# LISTED ENTRIES:
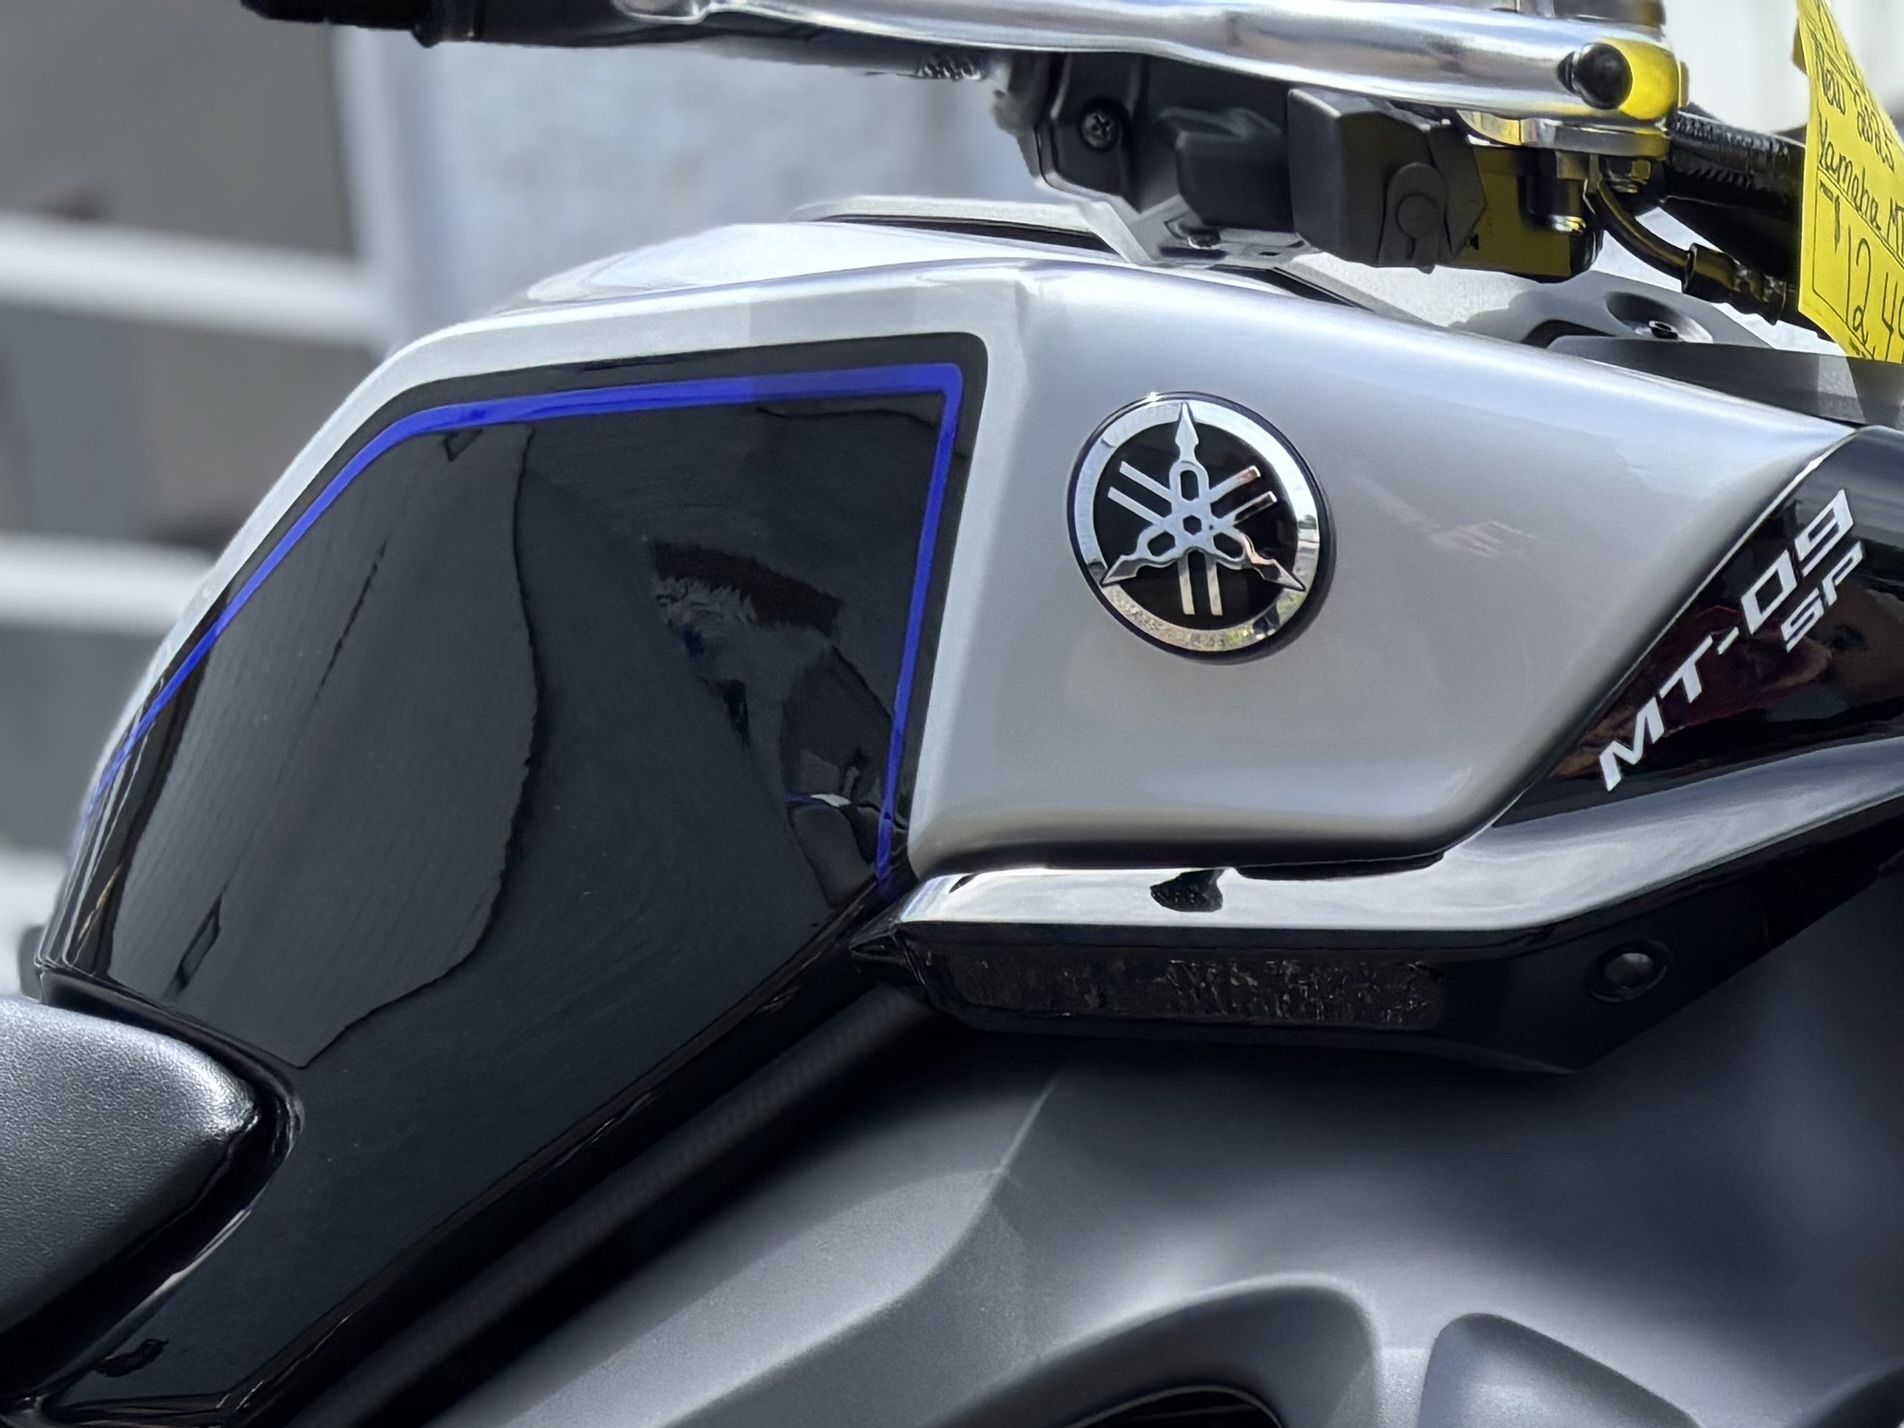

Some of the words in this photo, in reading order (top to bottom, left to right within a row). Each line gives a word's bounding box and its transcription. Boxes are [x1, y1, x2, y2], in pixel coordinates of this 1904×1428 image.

[1818, 114, 1881, 233] Yamaha
[1599, 488, 1854, 792] MT-09
[1780, 540, 1866, 653] SP
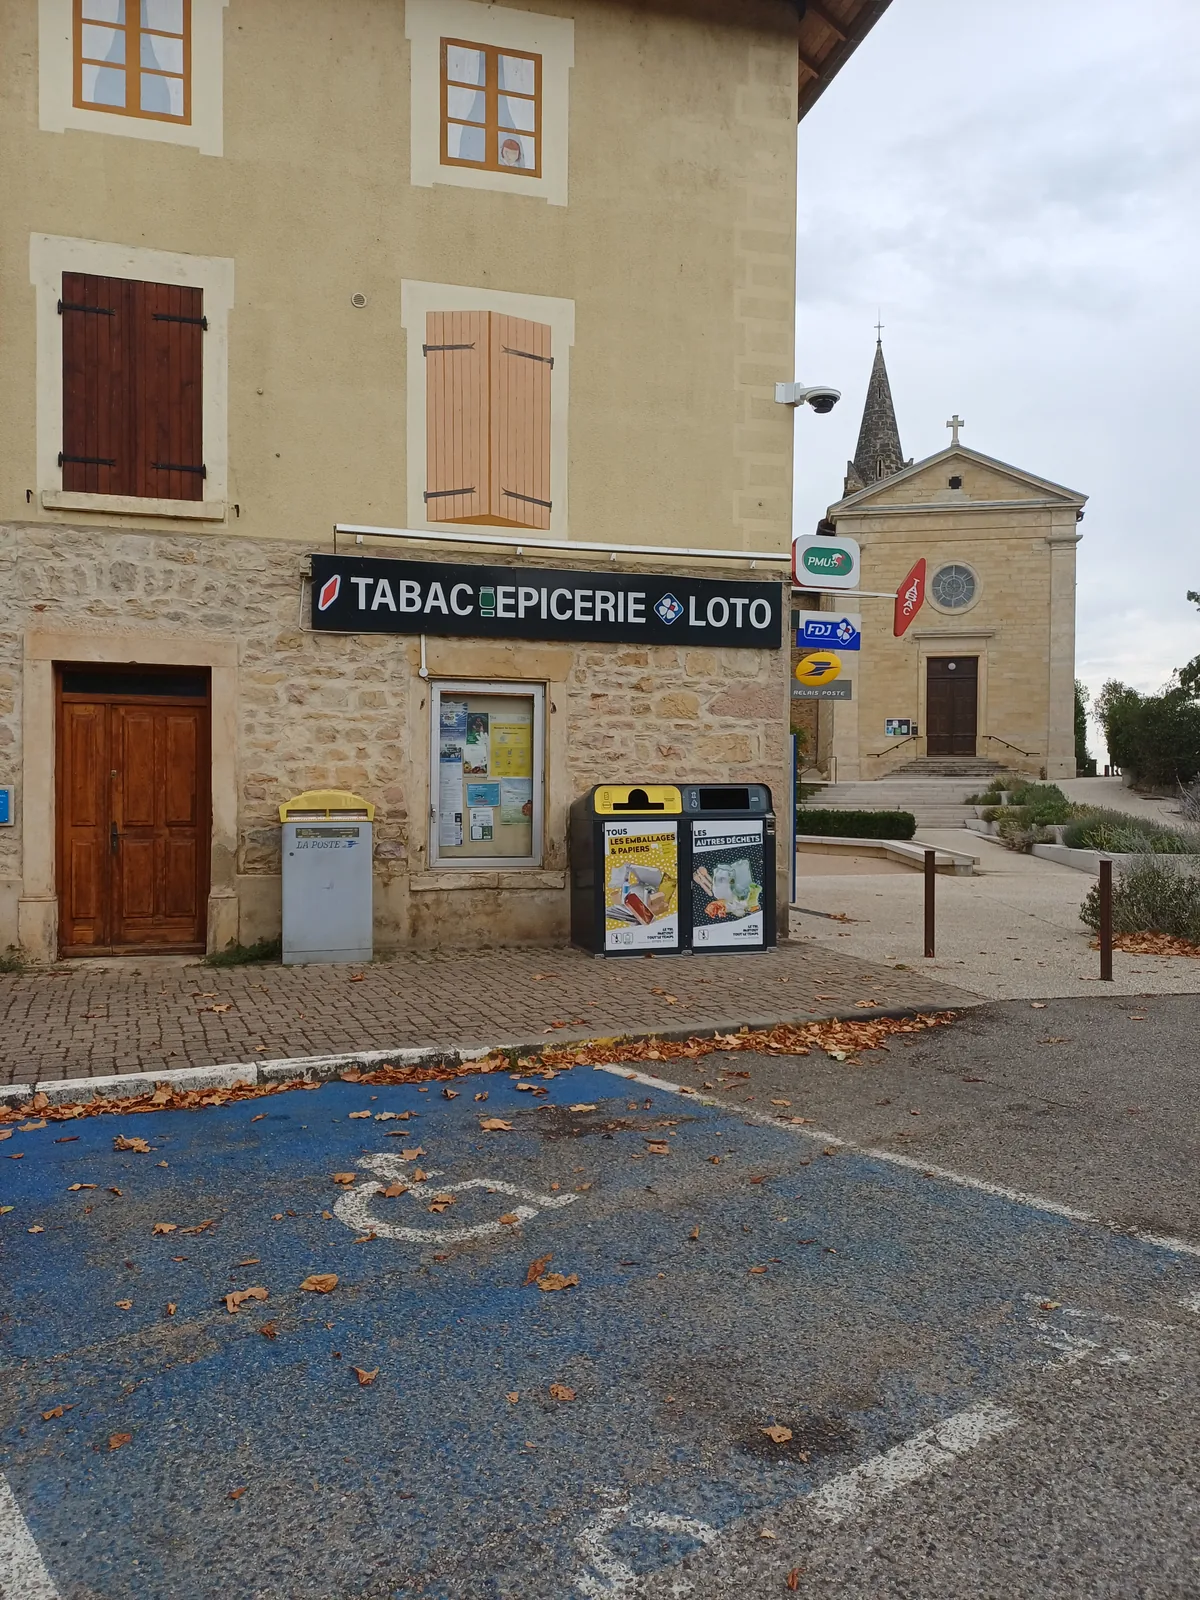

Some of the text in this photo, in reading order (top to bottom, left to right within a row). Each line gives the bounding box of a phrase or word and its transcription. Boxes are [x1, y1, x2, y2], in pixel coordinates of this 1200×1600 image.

[807, 556, 832, 567] PMU
[903, 578, 920, 616] TABAC
[350, 576, 772, 630] TABAC EPICERIE LOTO
[807, 623, 832, 636] FDJ
[606, 828, 628, 836] TOUS
[626, 834, 676, 844] EMBALLAGES
[696, 835, 760, 846] AUTRES DÉCHETS
[296, 841, 341, 849] LA POSTE
[618, 846, 650, 854] PAPIERS
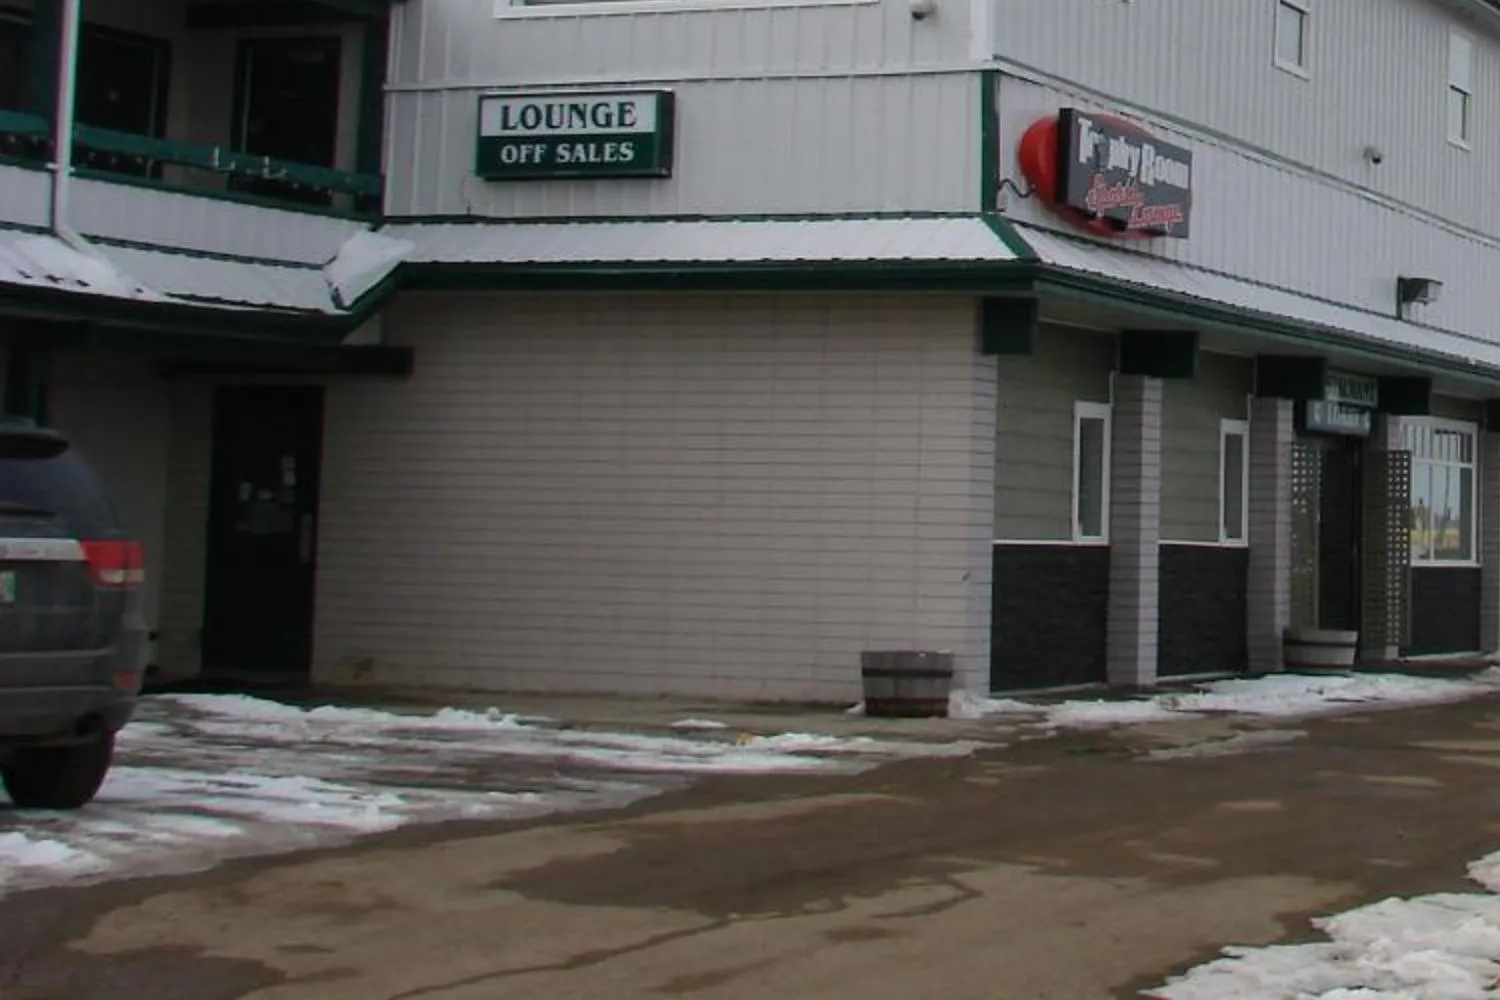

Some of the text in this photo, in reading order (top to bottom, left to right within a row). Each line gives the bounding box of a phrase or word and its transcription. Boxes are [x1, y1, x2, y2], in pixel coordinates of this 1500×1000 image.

[501, 102, 638, 131] LOUNGE
[501, 142, 635, 164] OFF SALES
[1140, 143, 1190, 190] Room
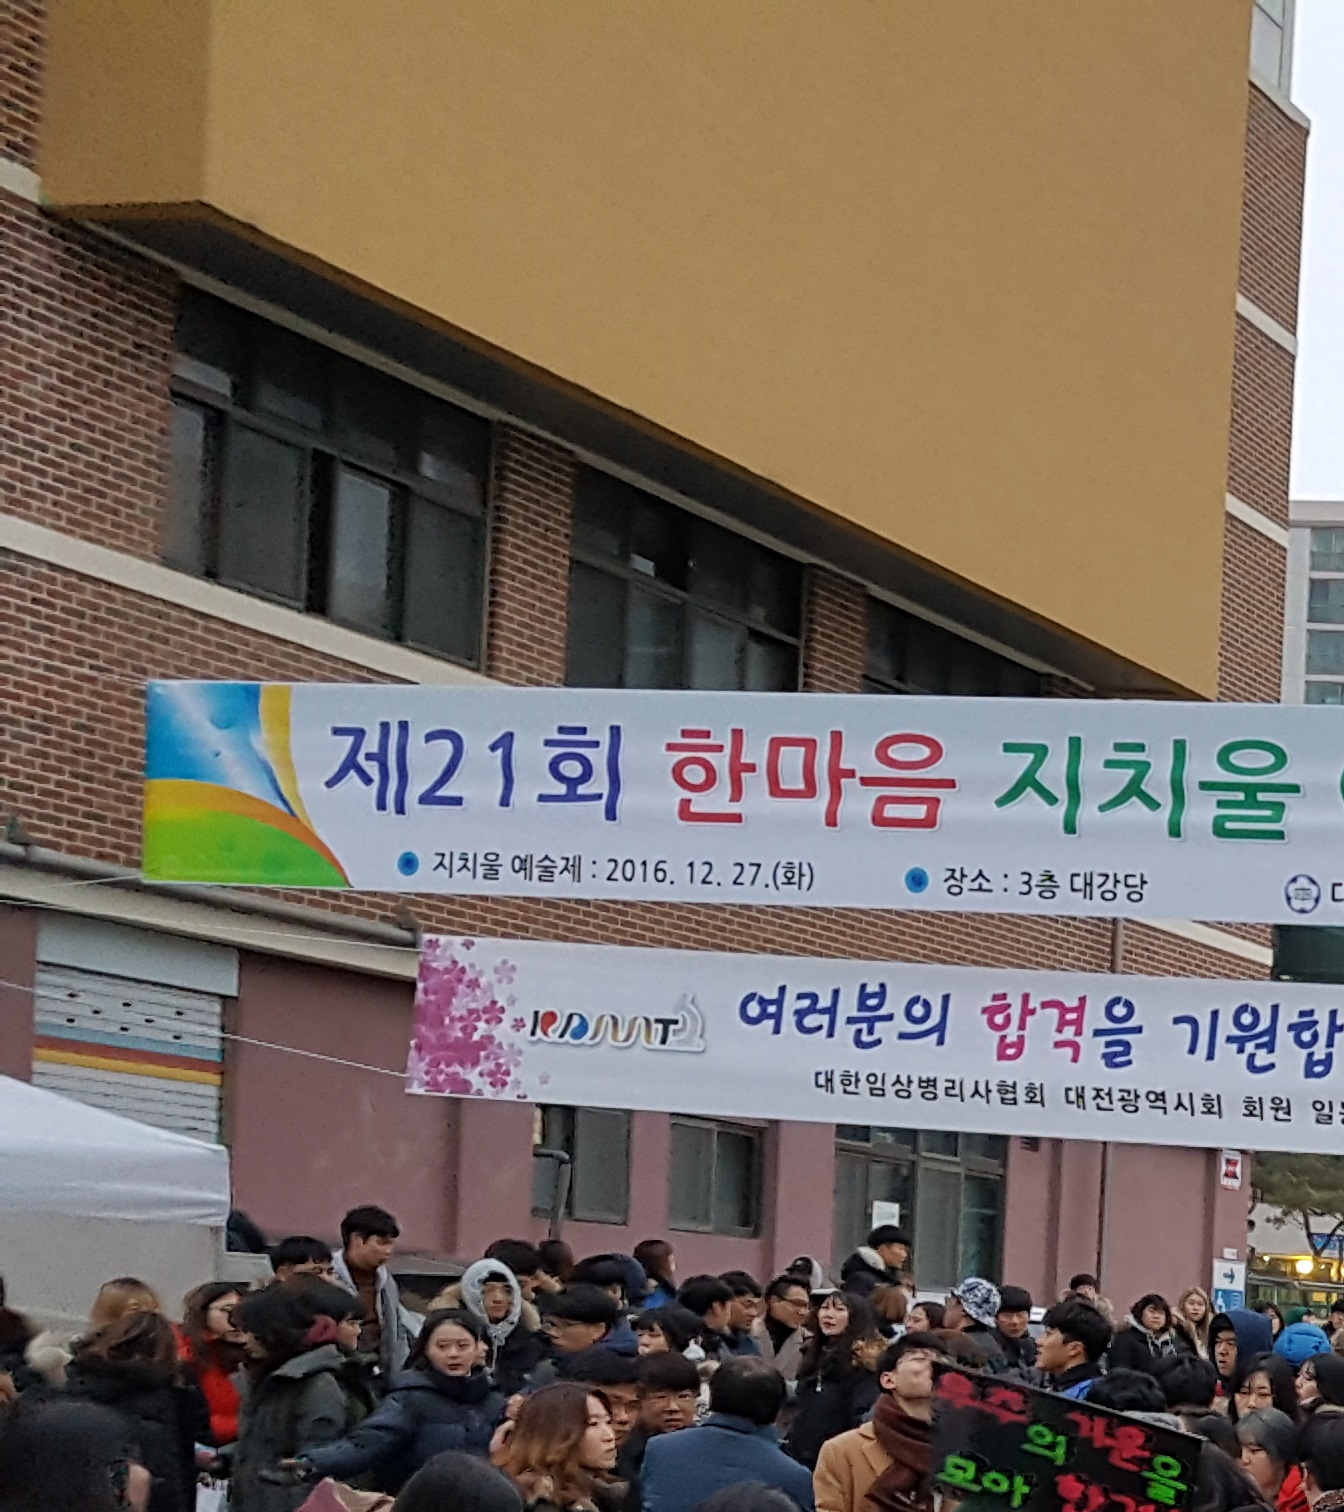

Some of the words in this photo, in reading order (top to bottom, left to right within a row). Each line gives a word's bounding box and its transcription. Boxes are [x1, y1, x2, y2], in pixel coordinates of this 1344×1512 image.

# ABOUT THIS EXERCISE:
Write out all the records exactly, omitting the images.

# ANSWER AREA:
Some of the words in this photo, in reading order (top to bottom, left to right within a row). Each line gives a word's bounding box and its transcription. Boxes are [x1, y1, x2, y2], in pixel coordinates of this 1904×1428 image.

[1818, 114, 1881, 233] Yamaha
[1599, 488, 1854, 792] MT-09
[1780, 540, 1866, 653] SP

Some of the text in this photo, in reading order (top to bottom, left to right within a row). Each line gives the bounding box of a phrase or word and its transcription. Boxes are [x1, y1, x2, y2], in pixel coordinates of this 1200×1600 image.

[807, 556, 832, 567] PMU
[903, 578, 920, 616] TABAC
[350, 576, 772, 630] TABAC EPICERIE LOTO
[807, 623, 832, 636] FDJ
[606, 828, 628, 836] TOUS
[626, 834, 676, 844] EMBALLAGES
[696, 835, 760, 846] AUTRES DÉCHETS
[296, 841, 341, 849] LA POSTE
[618, 846, 650, 854] PAPIERS

Some of the text in this photo, in reading order (top to bottom, left to right within a row). Each line gives the bounding box of a phrase or word and its transcription. Boxes are [x1, y1, x2, y2], in pixel coordinates of this 1500×1000 image.

[501, 102, 638, 131] LOUNGE
[501, 142, 635, 164] OFF SALES
[1140, 143, 1190, 190] Room

Some of the words in this photo, in reading order (top to bottom, left to right within a row). Each line gives a word's bounding box and its transcription. Boxes are [x1, y1, x2, y2], in pixel coordinates of this 1344×1512 image.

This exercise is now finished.